With Israel threatening to act and airpower proven impotent, the SAS scrambled to hunt the Scud missiles hidden in the vast Iraqi deserts. The British Special Air Service or SAS (the equivalent and inspiration for Delta Force) paid a high price for their bravery. Some of the men were killed; others tried to escape by walking 200 miles across the Iraqi desert. A handful endured appalling torture at the hands of their captors. According to some reports, they left an estimated 200 Iraqi casualties in their wake.

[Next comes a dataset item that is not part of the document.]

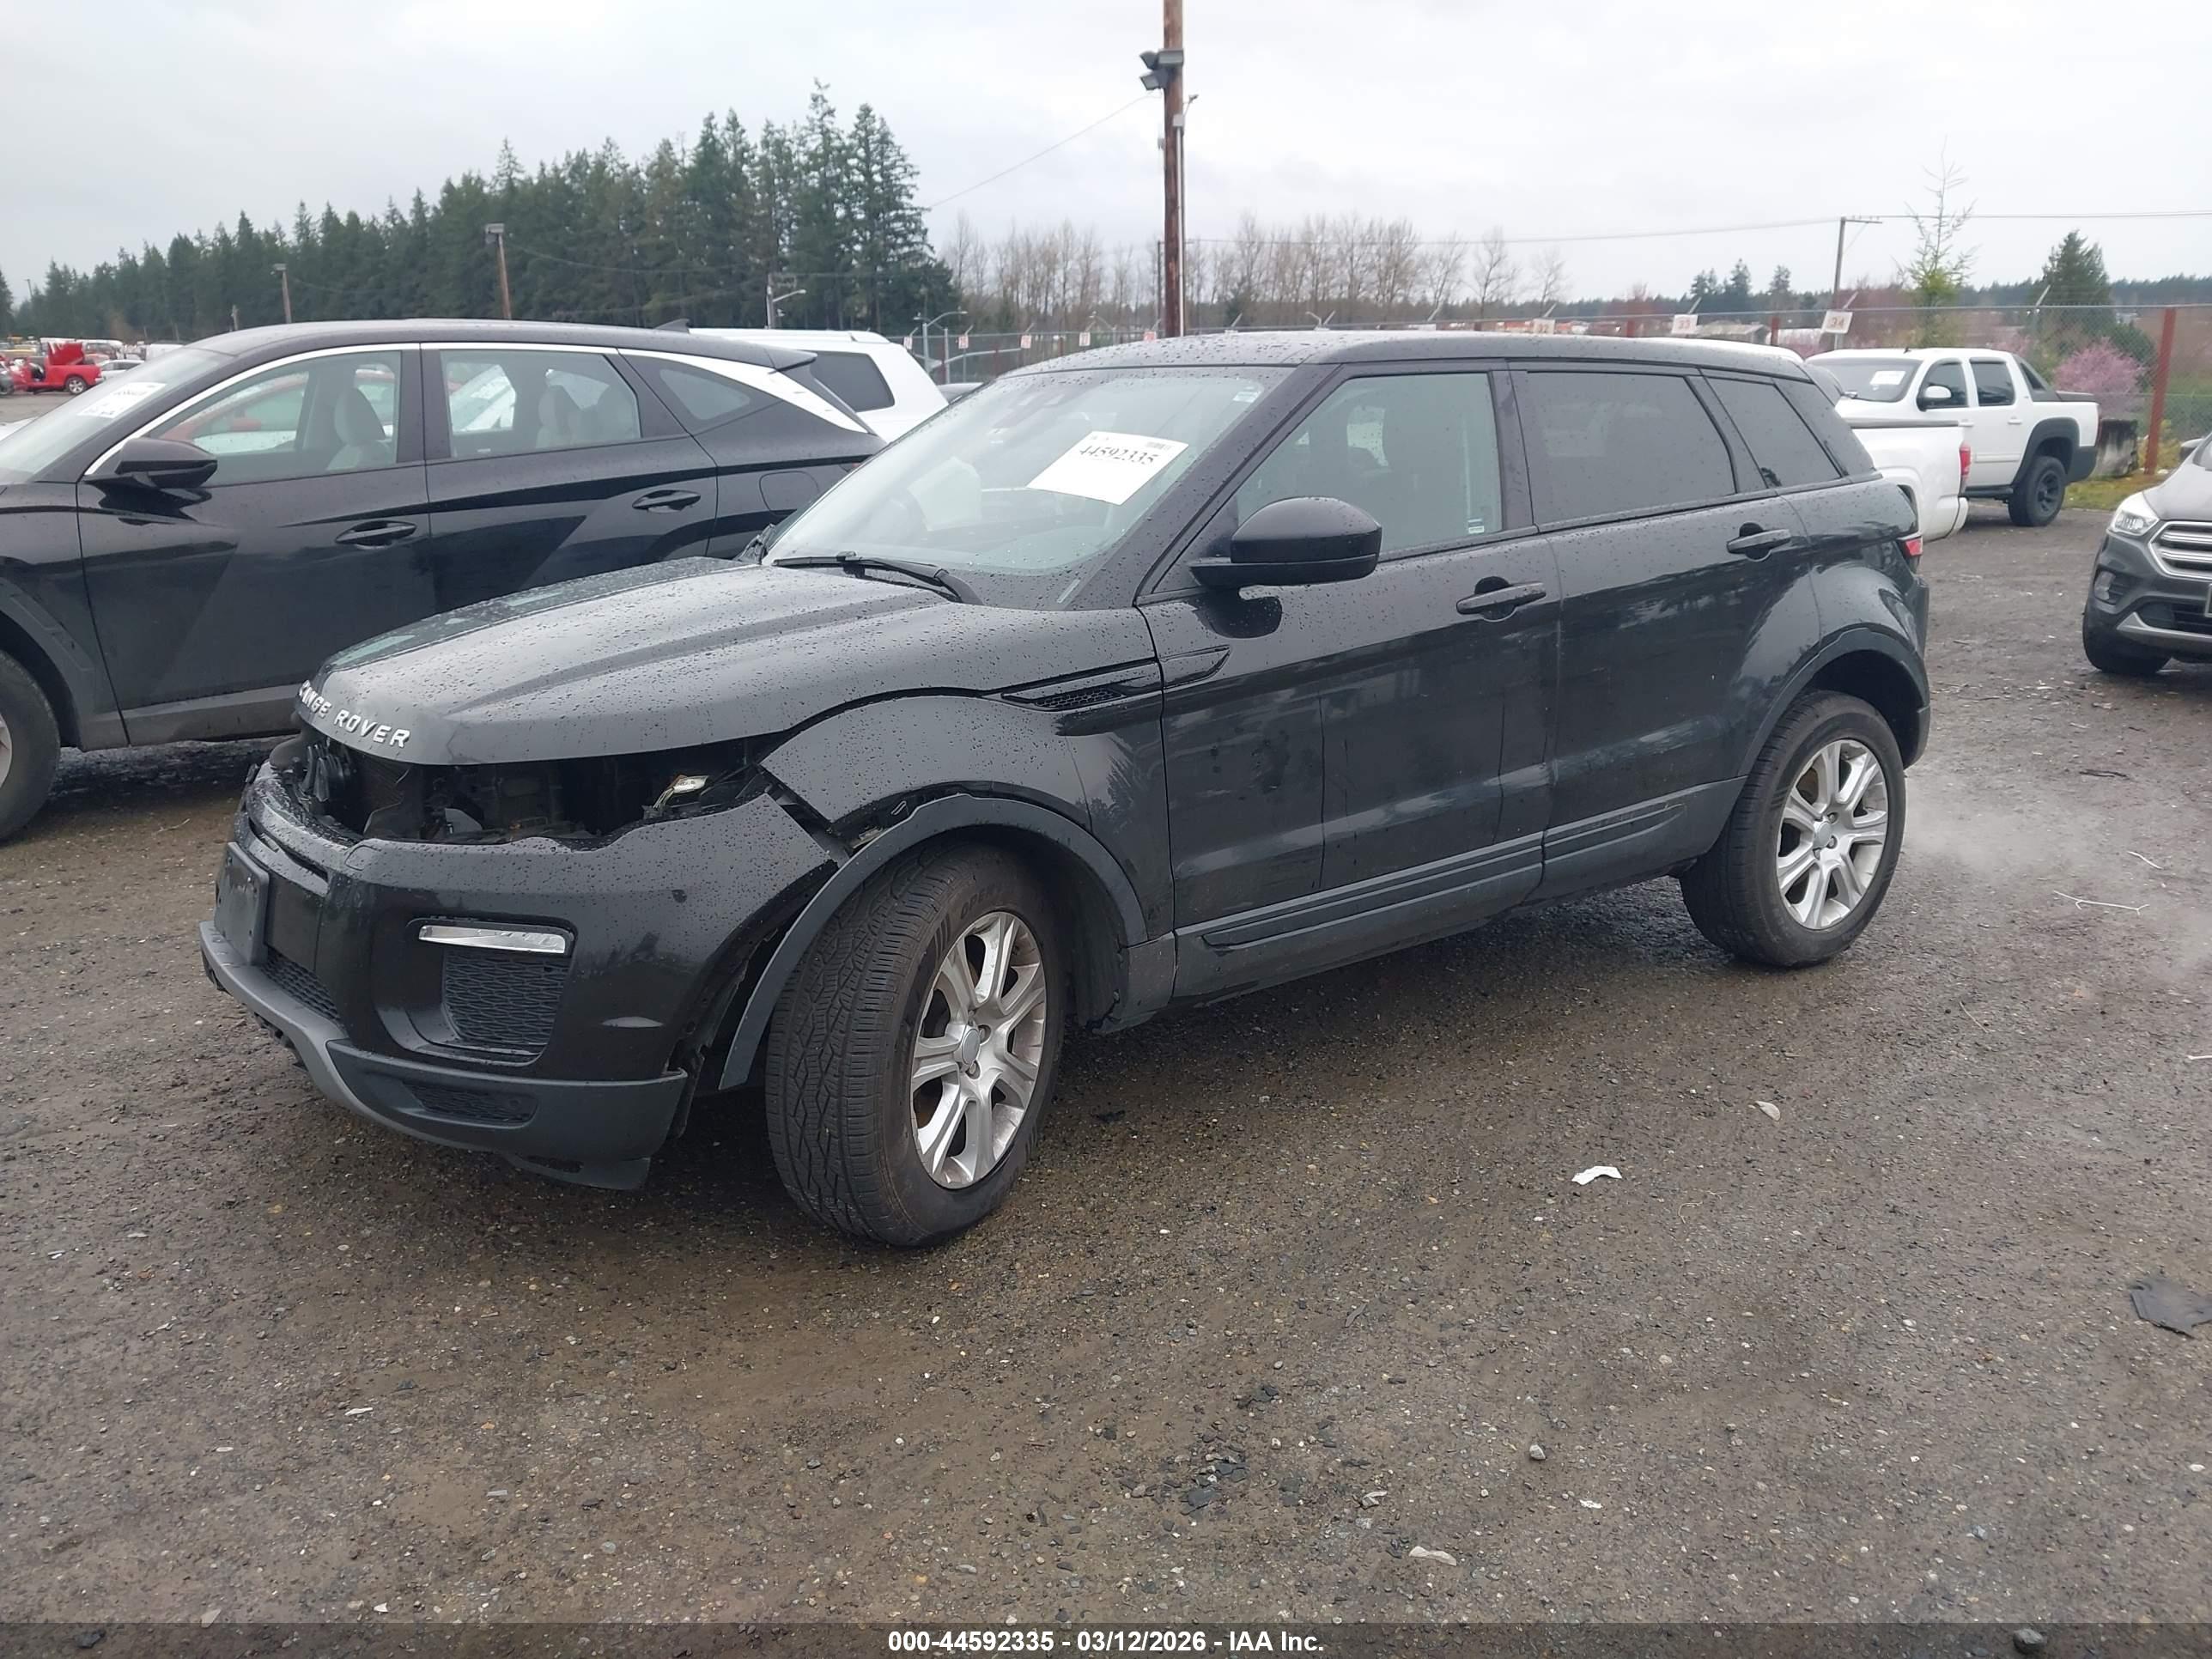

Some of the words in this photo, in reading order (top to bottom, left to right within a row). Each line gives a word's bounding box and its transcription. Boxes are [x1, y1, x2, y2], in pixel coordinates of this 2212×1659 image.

[1079, 446, 1159, 465] 44592335
[299, 680, 331, 718] RANGE
[334, 709, 410, 748] ROVER

It is a mission the British Government still refuses to confirm ever happened and controversy has surrounded it ever since. In the first objective and balanced account of the Bravo Two Zero patrol, Behind Iraqi Lines includes the shocking revelations of what blighted the mission. Why was this elite unit so ill equipped? Why did no one get a realistic weather report? Why, counter to all US military procedures and priorities, are the men abandoned? A rescue mission launched only after all but one of them they were either dead or captured. Behind Iraqi Lines corroborates McNab’s and Ryan’s story and includes supporting interviews with senior US Generals, like Wayne Downing who debriefed Ryan and led the Joint Special Operations Task Force that waged the war against the Scuds in the footsteps of Bravo Two Zero. Intelligence passed on by the pioneering SAS teams helped save many US lives as General Schwarzkopf recorded in a Letter of Commendation he issued to the SAS after the war. General Downing comments: "God Bless Bravo Two Zero. Had we put an American Bravo Two Zero in there before the Brits, we’d have had the same thing happen. The same thing."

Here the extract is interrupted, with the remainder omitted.